From the opening chapter of Charlotte Brontë’s Jane Eyre the reader becomes aware of the powerful role that art plays. There is something extraordinary about the pictures Jane admires from other artists, as well as the work she creates herself. Her solitary pastime often operates as an outlet of pain, either past or present, and offers her the opportunity to deal with unpleasant emotions and memories. Jane’s art transcends her isolation by bringing her into contact with others who see it; it functions as a bridge between her desire to be alone and her need for companionship. Despite her struggles with inner conflict and the people in her life, Jane’s art helps her find personal power, marking her true identity as her own woman. Whether it is her love of drawings or the creations of her own, artwork has provide Jane a means of agency to survive the harrowing conditions afforded to the orphan child, allowing her to emerge as a wealthy, independent social equal.
The first glimpse of Jane’s resourcefulness and mental escape comes from one of the first activities in the novel. She escapes from her powerless place in the hostile Reed household temporarily through a book “taking care that it should be one stored with pictures” (2). She retreats to a solitary window-seat, “having drawn the red moreen curtain nearly close... shrined in double retirement,” and buries herself in Berwick’s A History of British Birds (2). The window offered protection, but not separation from the outside: “At intervals, while turning over the leaves of my book, I studied the aspect of that winter afternoon” (2). Through the images and quotes contained therein, Jane manages to acquire the only kind of power to she access to- knowledge, “Each picture told a story; mysterious often to my undeveloped understanding and imperfect feelings, yet ever profoundly interesting” (3). Her interpretation of the illustrations provides training for the young girl, who will later produce her own images.

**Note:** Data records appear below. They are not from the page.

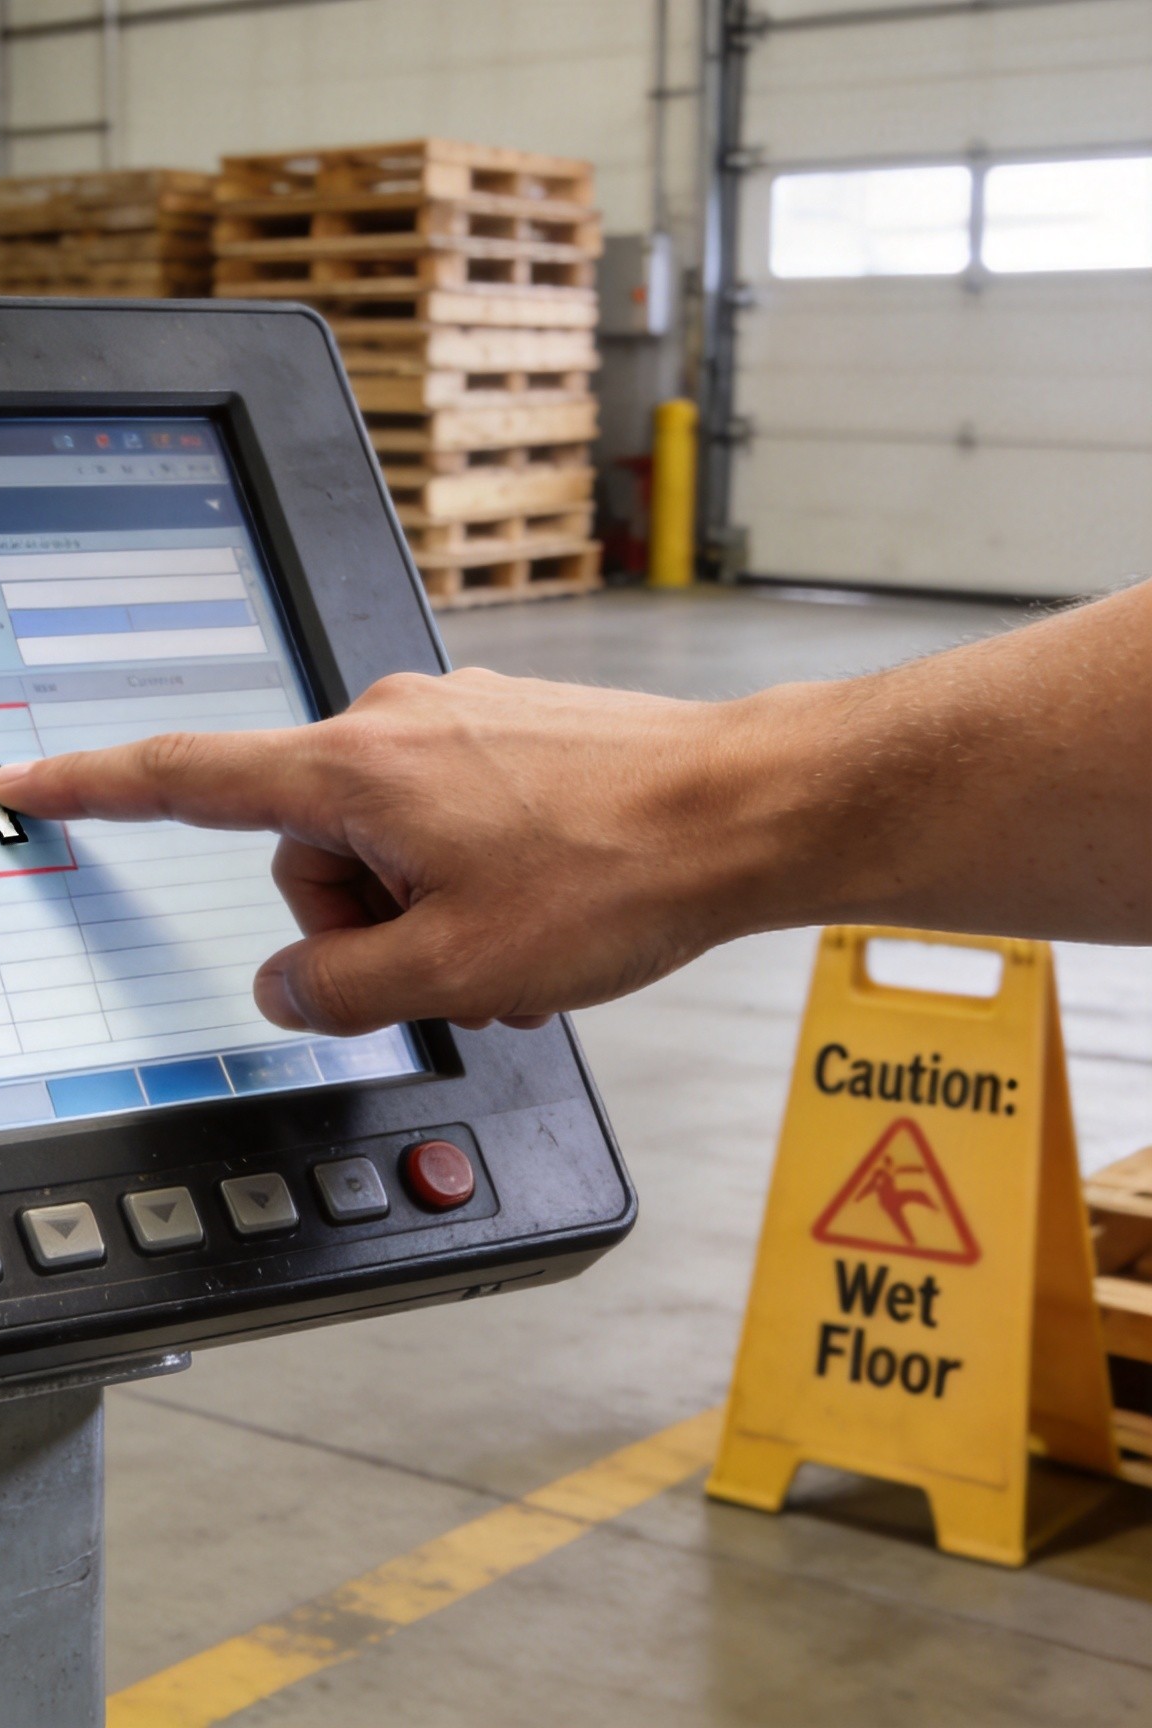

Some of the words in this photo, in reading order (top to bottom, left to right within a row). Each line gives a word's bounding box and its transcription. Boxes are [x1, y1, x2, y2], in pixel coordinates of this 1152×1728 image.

[814, 1043, 1018, 1116] Caution:
[835, 1260, 940, 1328] Wet
[815, 1323, 962, 1398] Floor
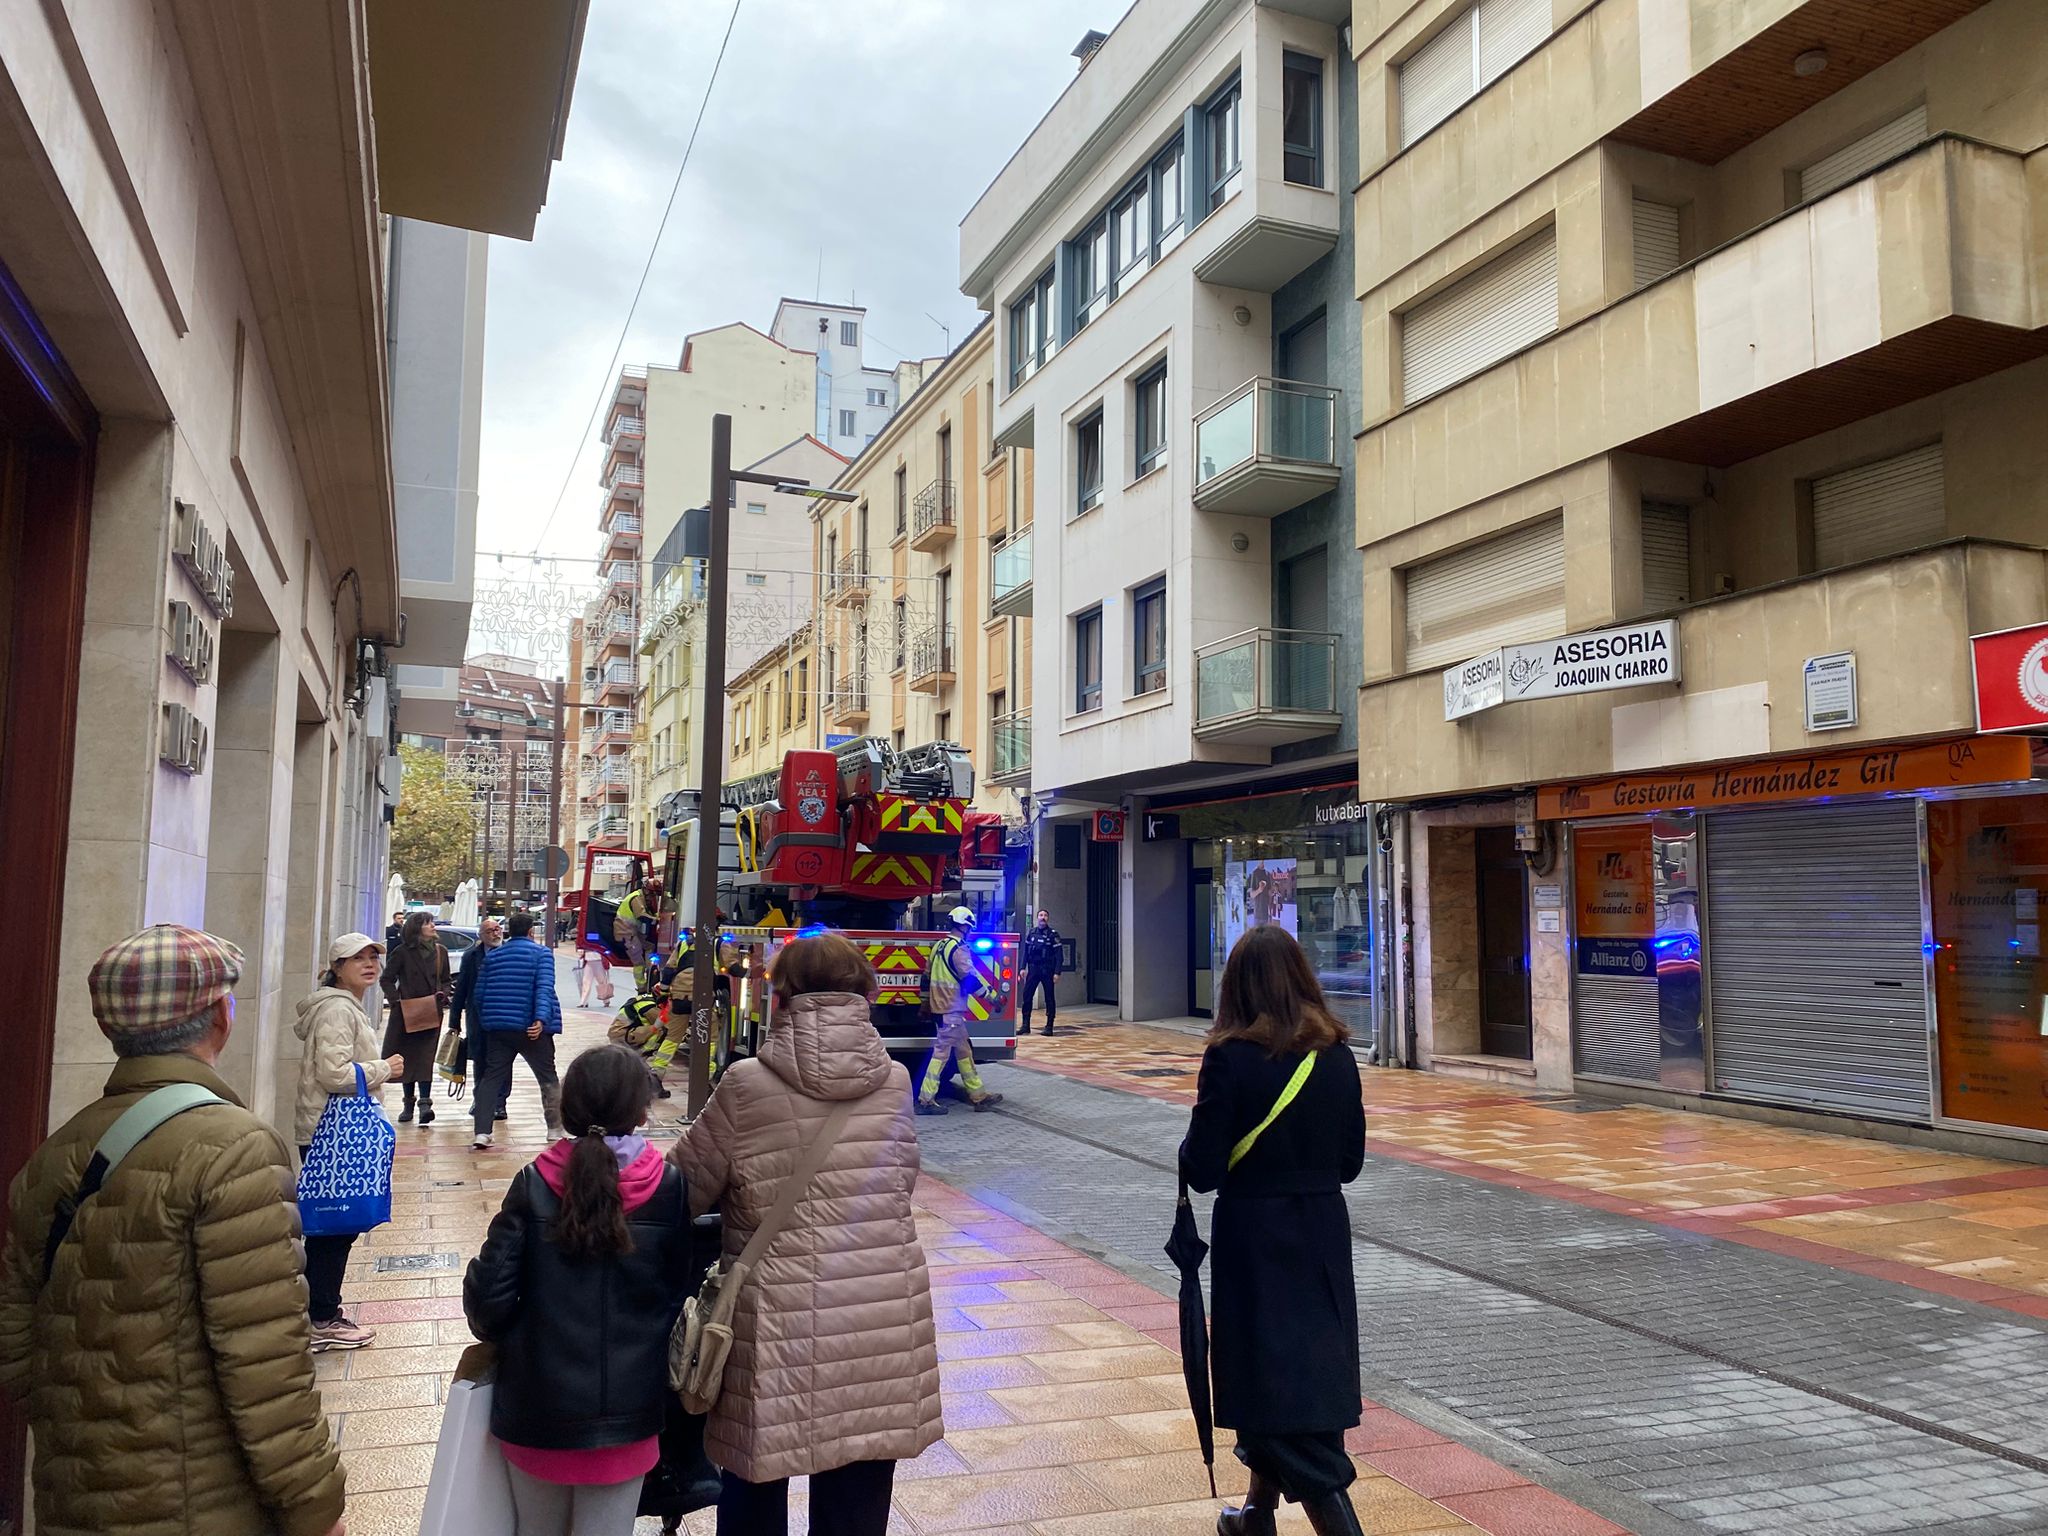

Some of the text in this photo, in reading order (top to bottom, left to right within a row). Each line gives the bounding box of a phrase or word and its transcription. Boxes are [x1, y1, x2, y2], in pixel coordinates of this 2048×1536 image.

[1553, 629, 1667, 665] ASESORIA
[1462, 656, 1501, 688] ASESORIA
[1554, 657, 1668, 688] JOAQUIN CHARRO
[1614, 752, 1899, 806] Gestoría Hernández Gil
[797, 788, 828, 797] AEA 1
[1315, 801, 1368, 822] kutxaban
[800, 861, 817, 869] 112
[1948, 891, 2018, 906] Hernánde
[1586, 902, 1648, 915] Hernández Gil
[1591, 952, 1630, 967] Allianz

Her quest for identity and power has begun, and the young orphan begins to discover how she can begin her journey to find her place as a social equal.
Interrupting her happy retreat, looking at the pictures, is her wretched cousin John Reed. He claims that Jane, as a dependent in his household, has no right to look at books without his permission. As punishment for her transgression, he throws her favorite Berwick’s Birds at her, physically knocking Jane down with its force (3-5). A fight ensues, with Jane comparing Reed’s actions to those of murderers, slave drivers, and Roman emperors. Adults intervene; Jane is blamed for the conflict and is confined to the “red room” where she experiences terrible suffering. In this incident, Jane’s visual pleasure takes the form of looking at art objects in prints and illustrated books. Instead of being a harmless leisure activity, “this looking is regarded by the male character as a provocation, setting off various stratagems aimed to reconfirm rights of ownership by laying down restrictive or subordinating conditions of access” (Kromm 374). Confrontations between Jane and male authority would follow her from her removal from the Reed home to her schooling at Lowood.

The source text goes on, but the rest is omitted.